State Sen. Louise Lucas, one of the most powerful Democrats in Richmond, has signaled she intends to go after the elected commonwealth’s attorneys and sheriffs who have publicly refused to enforce SB 749, including by stripping funding from their offices. The National Rifle Association flagged Lucas’s threat this week and said it will fight her effort “every step of the way.”
Strip away the politics and look at what is actually on the table. Elected lawmakers want to punish the local officers closest to the people for declining to enforce a law those officers believe violates the Virginia Constitution they were sworn to uphold.
The refusal Lucas wants to crush is widespread. Roughly 16 commonwealth’s attorneys and about 10 sheriffs across Virginia have said they will not prosecute or arrest law-abiding gun owners under the ban, pointing to Article I, Section 13 of the state constitution, Virginia’s own right to keep and bear arms. That stand grew out of the Second Amendment sanctuary movement News2A has covered from the beginning, from nearly 30 localities reaffirming their sanctuary status to whole counties moving to defy the governor’s restrictions. Readers who want the full backstory will find it there.

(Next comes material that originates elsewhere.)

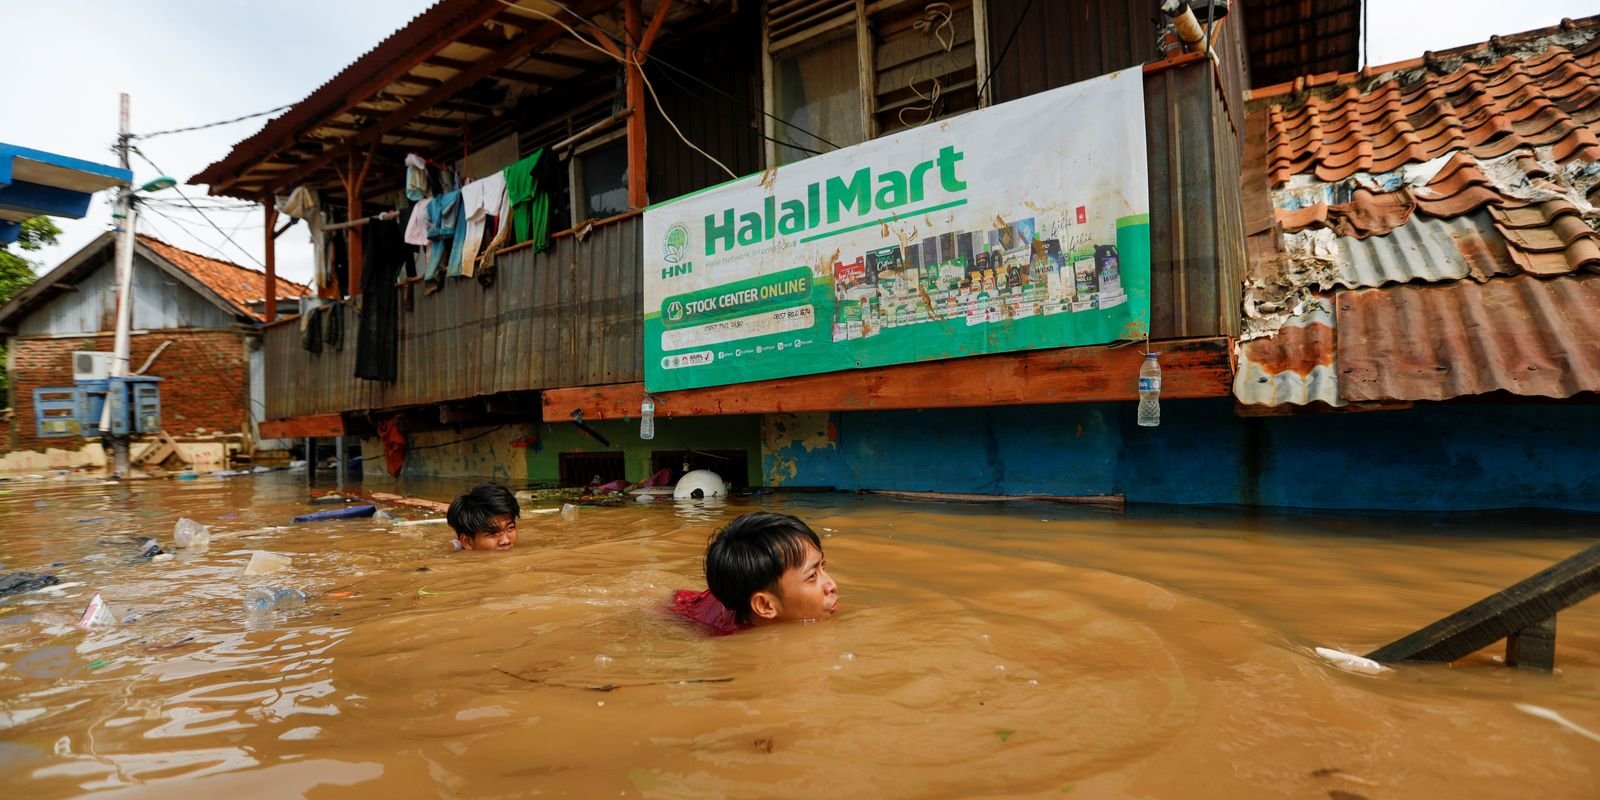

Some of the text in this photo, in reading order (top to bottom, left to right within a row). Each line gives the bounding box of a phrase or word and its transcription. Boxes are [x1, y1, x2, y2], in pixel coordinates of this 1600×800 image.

The fight is over SB 749 and its companion carry measure, SB 727, signed by Gov. Abigail Spanberger on May 14 and set to take effect July 1. SB 749 turns common semi-automatic rifles and standard magazines into contraband based on ordinary features, a scope News2A laid out when Spanberger expanded the restrictions on her way to signing.
Gun owners are not relying on defiance alone. On June 16, Gun Owners of America, the Gun Owners Foundation, the Virginia Citizens Defense League, the Virginia Citizens Defense Foundation, and gun writer John Crump petitioned the Supreme Court of Virginia to block the ban before July 1, after the Lancaster County Circuit Court stayed their lawsuit, Crump v. Katz, and canceled a scheduled hearing. “The Article I, Section 13 rights of Virginians to keep and bear arms are at stake,” said GOA Senior Vice President Erich Pratt. “We hope that today’s petition will expedite a ruling.”
That is the legal track, and it will play out under the rules. The political track is where it gets ugly. Rather than wait for a court to decide whether SB 749 can survive a constitutional challenge, Lucas and her allies are openly talking about retaliation against officials who took the same oath she did. The popular Guns & Gadgets channel put the standoff in front of a national audience this week, and it leaves Virginians with a fair question: when a state government threatens to defund the very people elected to keep their communities safe, who is really the lawless one?